25.10.23

Robert Crumb illustrates the Book of Genesis, and It Rules

 


The Book of Genesis Illustrated – R. Crumb (2010)

 

            I was gifted this amazing book by my brother.  As a life-long fan of Robert Crumb and the big-butt, thick-legged femeninas he obsessively drew and lusted over, I wondered how his obsessive drawing style would lend itself to the stories contained within the Bible’s Book of Genesis.  As with any genius artist, the results are more enjoyable than the actual source material.

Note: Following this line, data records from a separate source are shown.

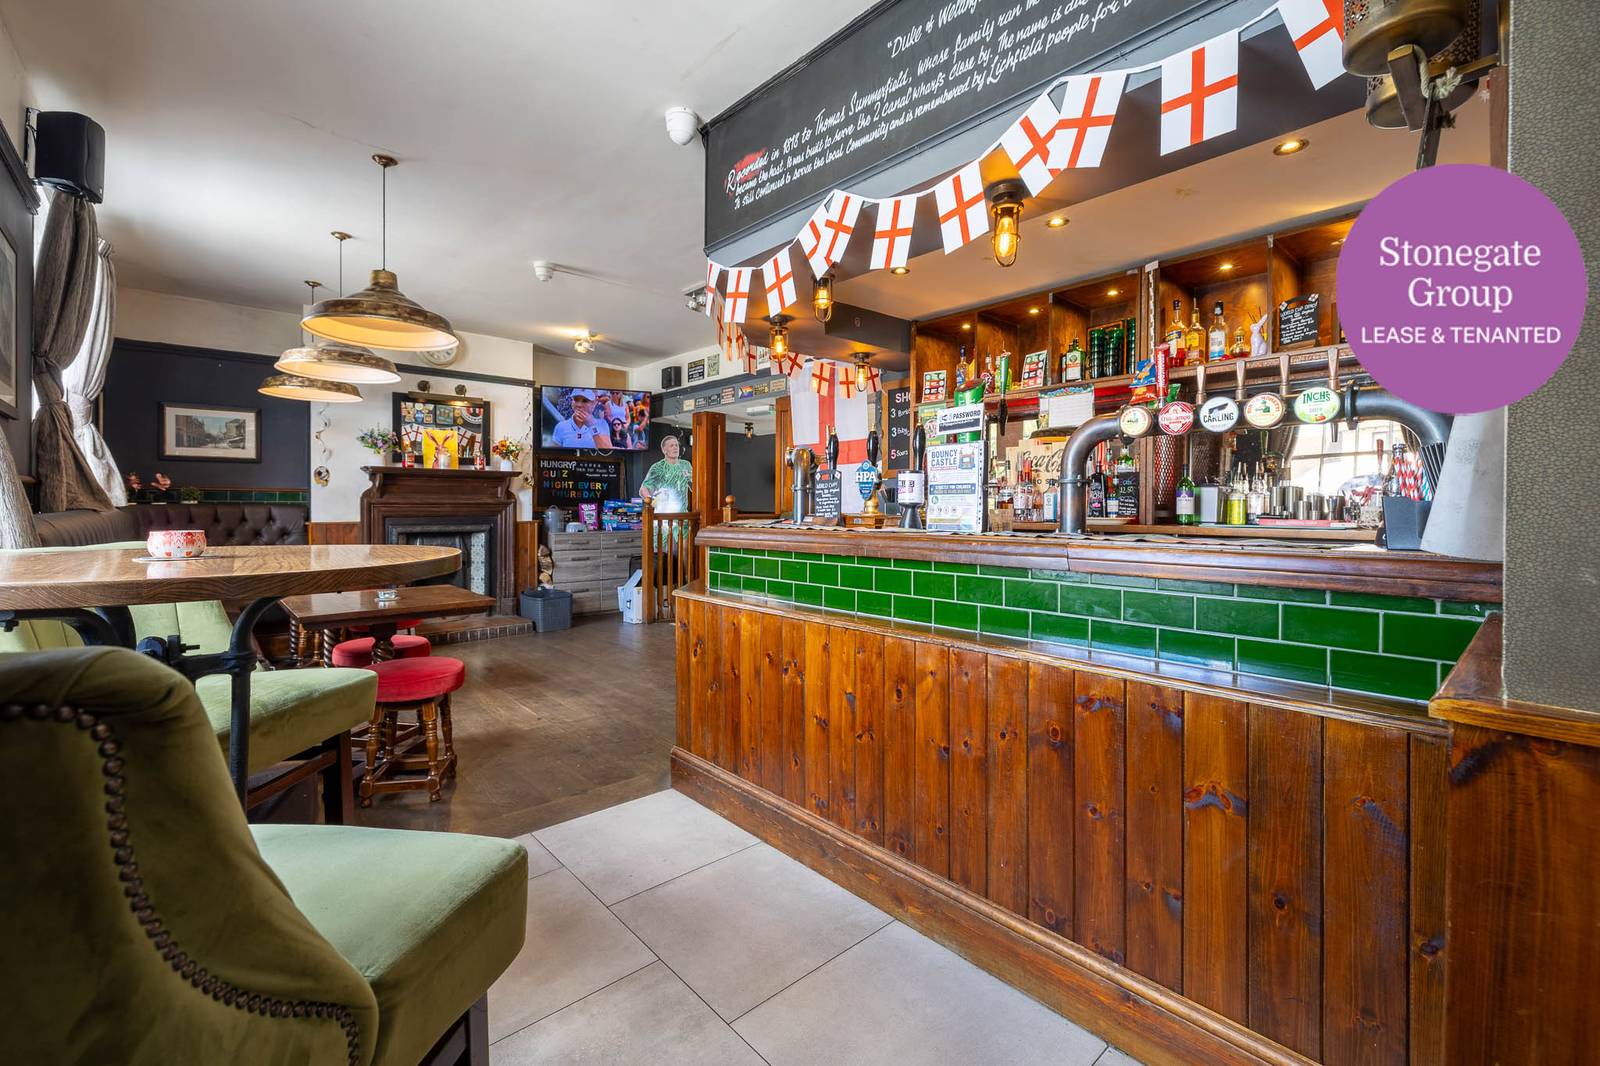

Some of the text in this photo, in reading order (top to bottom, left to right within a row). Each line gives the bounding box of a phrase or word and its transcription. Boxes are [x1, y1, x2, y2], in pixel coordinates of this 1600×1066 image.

[925, 13, 935, 34] of
[938, 0, 982, 28] Welling
[831, 123, 856, 145] serve
[857, 112, 872, 131] the
[873, 101, 881, 122] 2
[998, 29, 1015, 54] The
[1015, 15, 1049, 44] name
[1050, 5, 1063, 24] is
[770, 148, 780, 161] in
[801, 126, 814, 144] to
[815, 105, 846, 136] Thomas
[917, 47, 950, 77] whose
[952, 17, 996, 65] family
[997, 3, 1023, 28] ran
[813, 156, 825, 170] the
[888, 111, 906, 130] and
[905, 108, 914, 123] is
[914, 75, 972, 118] remembered
[971, 69, 987, 93] by
[986, 33, 1046, 86] Lichfield
[1044, 12, 1090, 54] people
[1090, 0, 1121, 34] for
[890, 408, 897, 418] 3
[952, 409, 981, 420] PASSWORD
[1203, 412, 1234, 423] CARLING
[891, 427, 897, 437] 3
[890, 449, 897, 459] 5
[931, 449, 958, 458] BOUNCY
[540, 460, 577, 471] HUNGRY?
[930, 457, 958, 467] CASTLE
[856, 470, 877, 481] HPA
[543, 480, 608, 490] NIGHT EVERY

            The Book of Genesis is, like the rest of the Bible, a composite.  The stories told within it are drawn from so many ancient sources that the words of Genesis constantly contradict or negate each other.  For example, Genesis tells two different stories about the origin of the world.  In one, god created everything all at once, and seeing it good, created man to rule it all.  In the other version, told right after, god creates the universe bit by bit, day by day, until finally creating man on the 6th day, and resting on the 7th.  This contradiction is never explained by the devout, who parrot the Bible as a holy book directly transcribed from the mind of god, infallible in all ways.  These people are idiots, seeking to turn everyone else into the mindless drones they themselves have become. (To read a review of Isaac Asimov’s Guide to the Bible, where he discusses the many source materials for the sections of the Bible, click here: https://rxttbooks.blogspot.com/2014/09/isaac-asimov-tackles-biggest-book-there.html )

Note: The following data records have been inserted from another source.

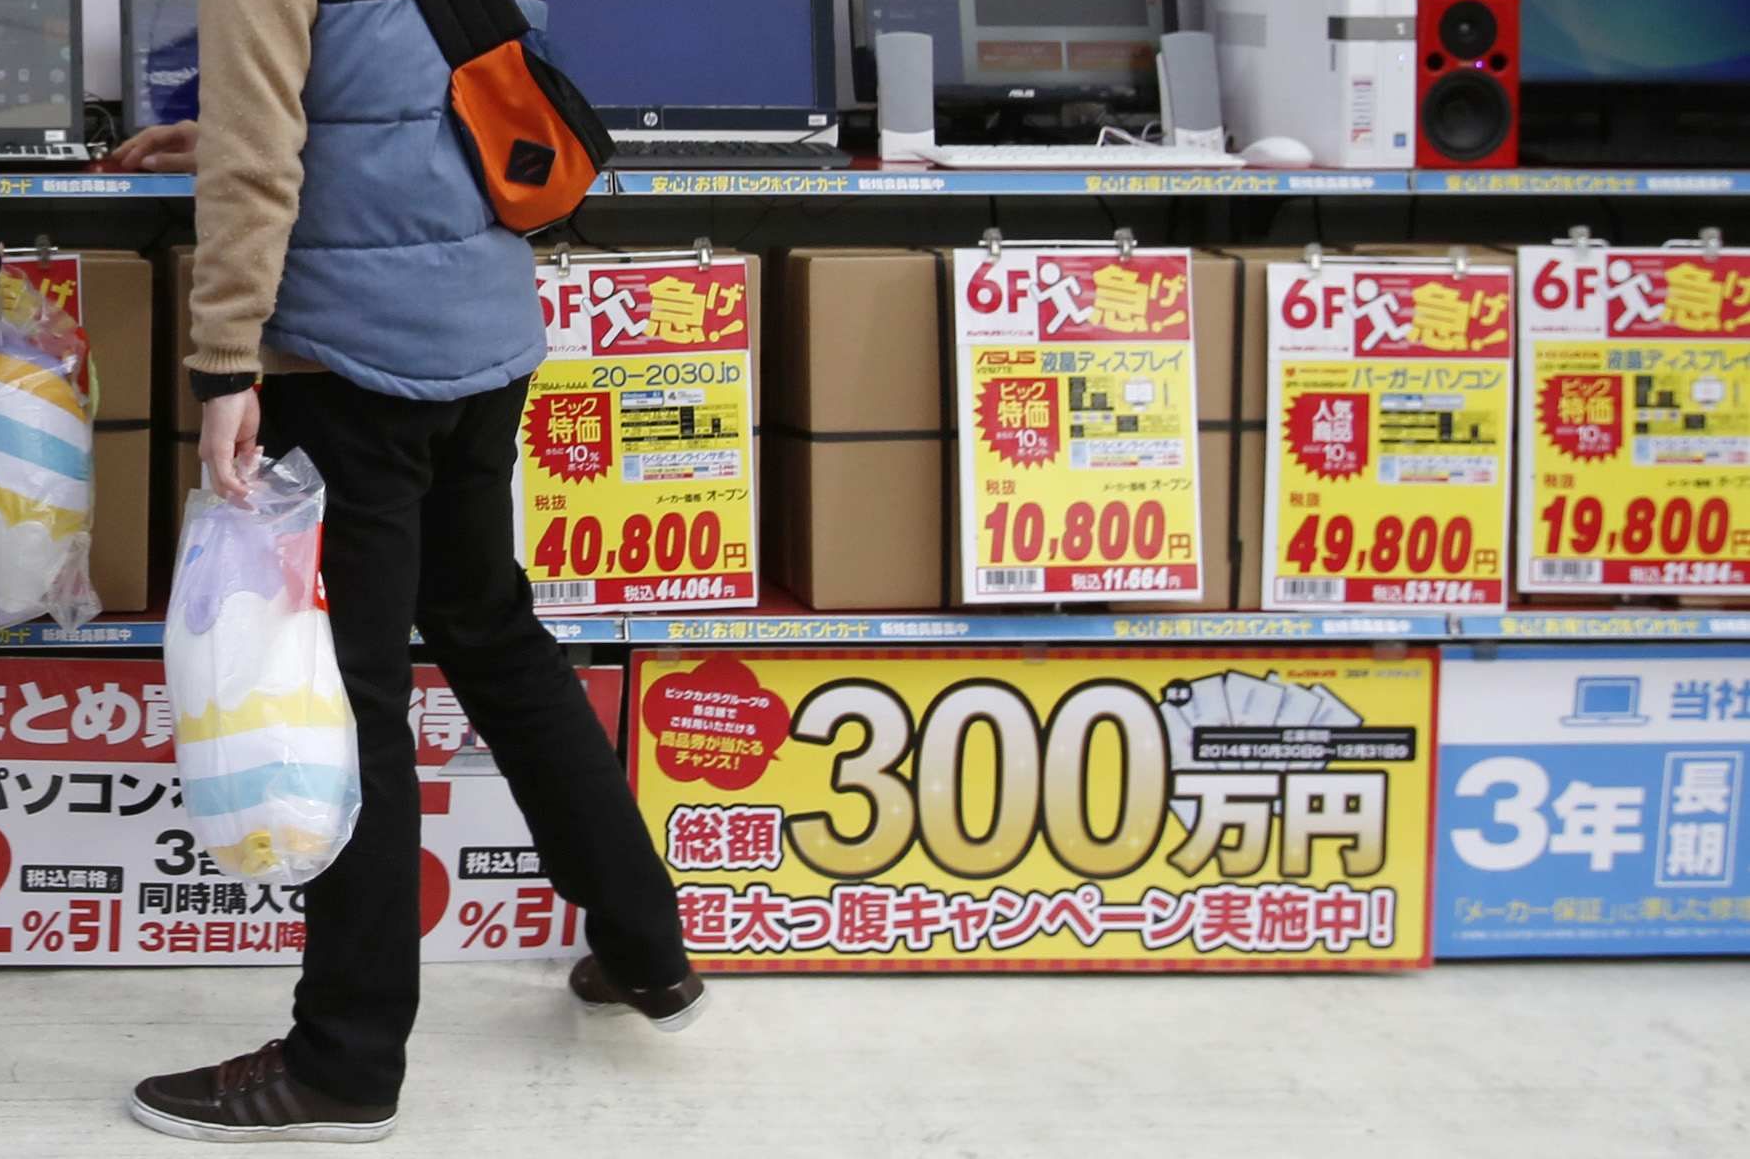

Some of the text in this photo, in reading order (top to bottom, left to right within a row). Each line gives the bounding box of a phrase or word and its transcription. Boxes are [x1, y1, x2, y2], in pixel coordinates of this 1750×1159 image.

[966, 260, 1188, 334] 6F 急げ!
[1533, 259, 1602, 312] 6F
[646, 274, 745, 345] 急げ!
[1281, 276, 1510, 352] 6F 急げ!
[592, 361, 741, 389] 20-2030jp
[976, 349, 1185, 374] ASUS 液晶ディスプレイ
[999, 381, 1046, 401] ビック
[1352, 367, 1503, 390] バーガーパソコン
[550, 397, 598, 416] ビック
[996, 398, 1051, 429] 特価
[1311, 398, 1353, 421] 人気
[547, 416, 602, 444] 特価
[565, 444, 599, 462] 10%
[566, 462, 600, 472] ポイント
[705, 488, 749, 502] オープン
[985, 478, 1017, 496] 税抜
[1151, 479, 1192, 492] オープン
[534, 494, 567, 511] 税抜
[533, 510, 748, 578] 40,800円
[983, 498, 1193, 564] 10,800円
[1285, 512, 1499, 577] 49,800円
[623, 576, 736, 603] 税込44,064円
[674, 751, 741, 771] チャンス!
[1449, 755, 1646, 873] 3年
[1666, 760, 1732, 877] 長期
[666, 803, 784, 872] 総額
[678, 883, 1397, 953] 超太っ腹キャンペーン実施中!

            Robert Crumb is a very interesting person to undertake this difficult task.  He was born to a Catholic household, but never sought religion or spirituality after his youth.  In fact, as a devout teenager, his father admitted that the Catholicism he raised the Crumb family under was a lie, and that he was an atheist all along, just pretending at religion.  Robert Crumb’s involvement in the underground comic books of the 1960’s helped make him a seminal figure in the alternative media world.  Nothing in his work of that period showed a predilection toward Bible subjects.

            One of Crumb’s collaborations, the many issues of American Splendor he drew for Harvey Pekar, pointed the way to how his art could serve the needs of a narrative structure.  Harvey Pekar’s work consisted of vignettes, detached scenes of his everyday life.  Crumb drew these scenes in his inimitable crosshatch, but without any of the sensational or outrageous imagery commonly associated with ZAP or WEIRDO comics.  It is this method he employs for the book of Genesis.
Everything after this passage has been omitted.